Influence of plastic deformation conditions on structure evolution in Nb–Ti microalloyed steel

Abstract

To achieve the optimum strength of Nb–Ti microalloyed steel, TMT was applied by varying the reheating temperature, the percentage reduction in the recrystallization region, the percentage reduction in the non-recrystallization region and the coiling temperature. Specimens were reheated between 900 and 1250°C for 25min to select the appropriate reheating temperature of 1150°C. Then they were deformed at 1150°C in the range of 30–50%, subsequently were deformed at 860°C in the range of 40–70%, then cooled down to a temperature between 520 and 670°C and finally were furnace cooled over about 24h to ambient temperature.
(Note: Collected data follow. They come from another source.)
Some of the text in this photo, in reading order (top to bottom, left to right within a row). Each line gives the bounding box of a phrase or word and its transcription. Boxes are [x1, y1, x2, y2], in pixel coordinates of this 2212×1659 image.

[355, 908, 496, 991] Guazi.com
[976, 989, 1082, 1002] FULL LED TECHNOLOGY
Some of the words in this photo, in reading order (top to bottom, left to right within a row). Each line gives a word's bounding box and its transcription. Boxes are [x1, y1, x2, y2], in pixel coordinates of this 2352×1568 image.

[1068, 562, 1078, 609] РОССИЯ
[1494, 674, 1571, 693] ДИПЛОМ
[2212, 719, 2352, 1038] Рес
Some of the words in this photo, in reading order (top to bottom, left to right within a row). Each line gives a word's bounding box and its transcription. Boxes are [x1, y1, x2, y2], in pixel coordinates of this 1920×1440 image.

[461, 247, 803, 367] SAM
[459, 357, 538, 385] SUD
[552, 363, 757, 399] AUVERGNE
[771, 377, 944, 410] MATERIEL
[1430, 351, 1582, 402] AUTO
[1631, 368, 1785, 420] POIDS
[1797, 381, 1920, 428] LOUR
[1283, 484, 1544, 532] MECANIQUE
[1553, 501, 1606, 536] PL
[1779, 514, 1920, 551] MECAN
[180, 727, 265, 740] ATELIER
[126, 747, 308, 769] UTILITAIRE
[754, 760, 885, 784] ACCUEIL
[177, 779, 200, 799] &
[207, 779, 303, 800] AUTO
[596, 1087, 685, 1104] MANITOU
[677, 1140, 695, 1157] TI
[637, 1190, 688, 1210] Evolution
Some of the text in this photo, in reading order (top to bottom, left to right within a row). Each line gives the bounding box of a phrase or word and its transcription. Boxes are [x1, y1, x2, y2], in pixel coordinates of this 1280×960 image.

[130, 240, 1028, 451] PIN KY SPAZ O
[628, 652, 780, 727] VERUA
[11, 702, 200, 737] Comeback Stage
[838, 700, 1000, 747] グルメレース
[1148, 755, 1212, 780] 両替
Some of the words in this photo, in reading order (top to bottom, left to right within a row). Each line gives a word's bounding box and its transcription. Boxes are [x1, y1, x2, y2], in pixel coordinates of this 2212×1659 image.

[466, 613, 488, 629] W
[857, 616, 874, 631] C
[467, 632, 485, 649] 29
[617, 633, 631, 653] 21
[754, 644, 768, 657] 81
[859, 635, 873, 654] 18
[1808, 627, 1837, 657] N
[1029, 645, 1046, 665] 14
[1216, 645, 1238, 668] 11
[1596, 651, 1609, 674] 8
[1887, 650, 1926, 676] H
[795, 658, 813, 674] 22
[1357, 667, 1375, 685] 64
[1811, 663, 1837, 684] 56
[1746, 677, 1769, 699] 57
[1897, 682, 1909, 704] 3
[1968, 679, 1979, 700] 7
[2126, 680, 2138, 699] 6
The prior austenite grain size, the recrystallized austenite grain size, the effective nucleation area (Sv), and the ferrite grain size were determined by optical microscopy. The mechanical properties of strips with different coiling ferrite–pearlite structure were determined by the tensile test. It was found that there is an abnormal grain growth of austenite grains in the reheating stage at 1050°C. The increase of percentage reduction in the non-recrystallization region from 40 to 70% results in increase of Sv due to the greater amount of elongated austenite grains and deformation bands present in the interior, of the grains consequently very fine ferrite structures were formed. Decrease of the coiling temperature from 670 to 520°C resulted in refining the ferrite grain size, thereby improving the tensile strength and yield-strength. Coiling at 550°C results in an additional yield-strength increase due to the precipitation-strengthening effect.